So what I have is a circuit that works great with old locomotives that run above half throttle but not new more efficient ones that run well below half throttle. I was hoping to be able to just unsolder R1 and R2 and not change anything else. I swapped the 470 ohm for a 330 ohm that I found in my project box last night. According to the chart, that changes the voltage from 3.91 to 5.04. It had a little effect but not much. It got the LEDs to turn on just below half throttle but still nowhere near as low as is needed.

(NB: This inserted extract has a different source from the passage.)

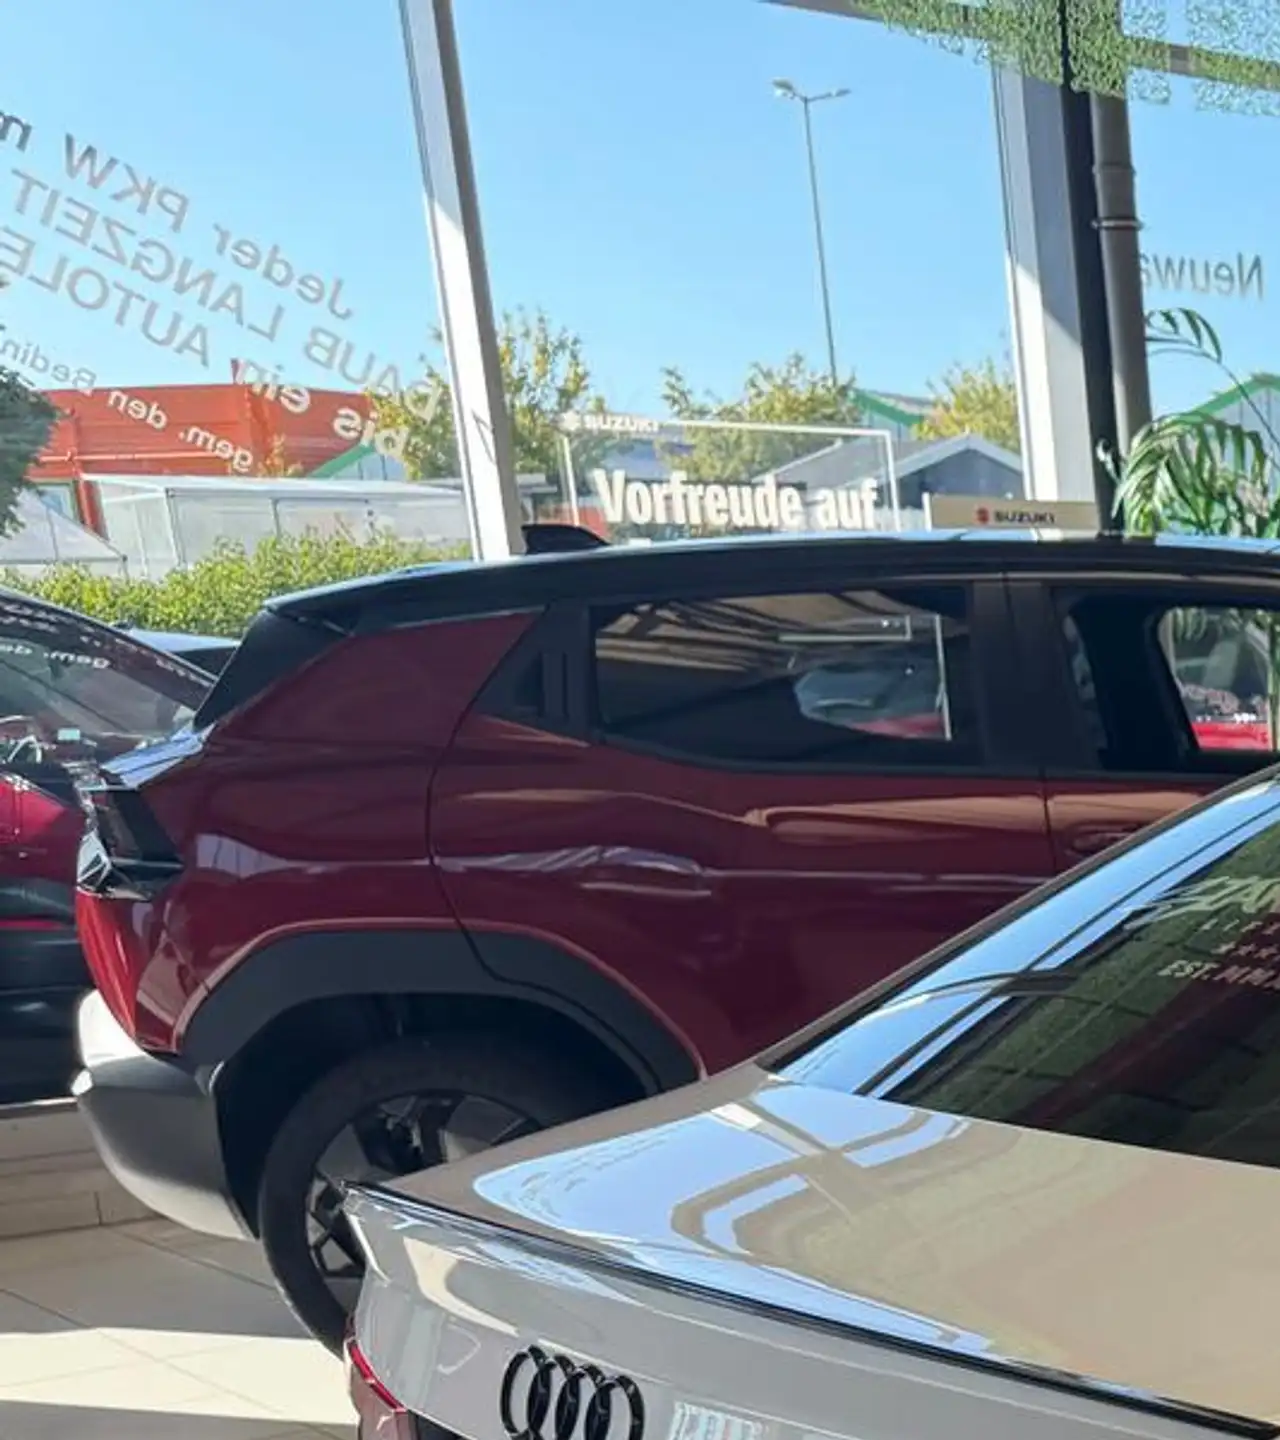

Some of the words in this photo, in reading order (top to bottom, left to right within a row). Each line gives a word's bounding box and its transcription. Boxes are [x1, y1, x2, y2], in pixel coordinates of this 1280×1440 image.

[594, 468, 804, 527] Vorfreude
[817, 477, 878, 531] auf
[995, 510, 1056, 525] SUZUKI
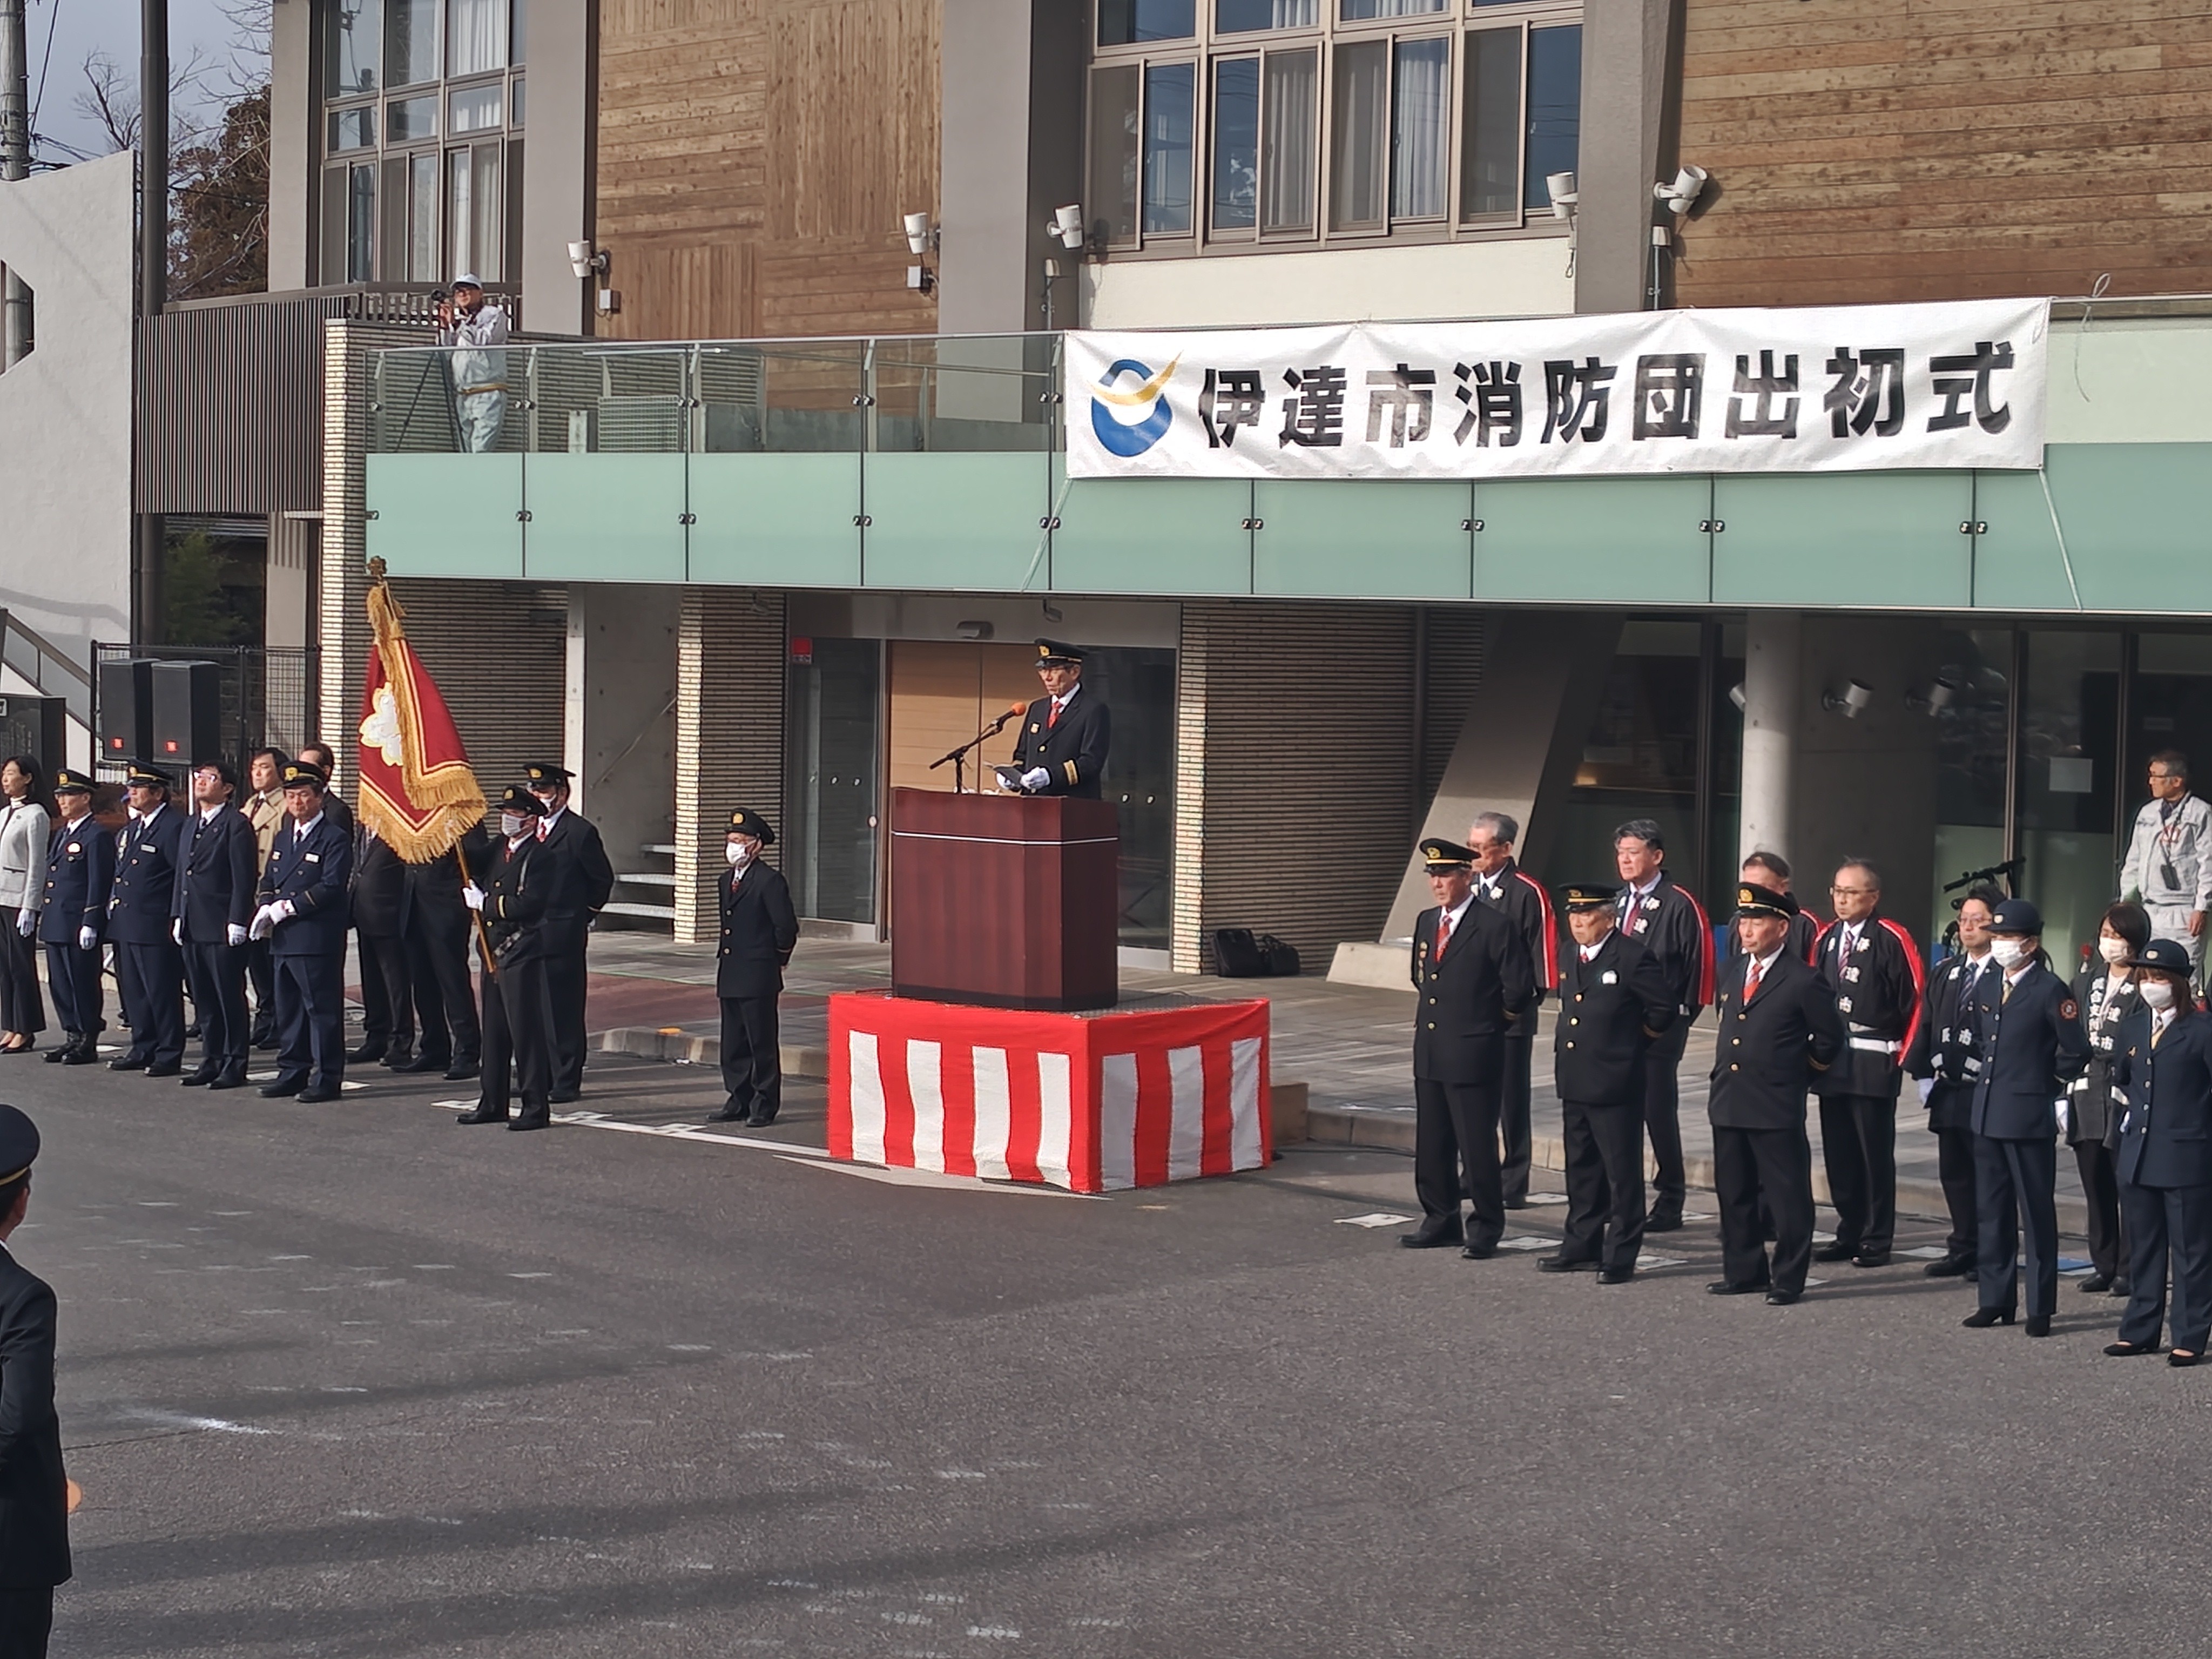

Is it the fact that the bridge rectifier is dropping so much voltage that below half throttle I am never going to get enough voltage from the track to get the LEDs to light? I haven't put a volt meter on the track to find out what the voltage is at 1/3 throttle, but I'll bet it is pretty low. The bridge rectifier is there so the LEDs will work regardless of direction, and it does work in both directions. If anyone is curious what it looks like inside the car, a pic is attached.

-Florida RR-


----------



## gunrunnerjohn (Nov 10, 2010)

The biggest issue is you have them in series, so it takes twice the voltage to light them. As far as the bridge, a Schottky bridge rectifier would reduce the voltage drop across the bridge. Here's a 200ma SMT Schottky Bridge Rectifier that's pretty small.

If you use my circuit, the Schottky bridge, you should cut several volts off the track voltage necessary to light the LED's.


----------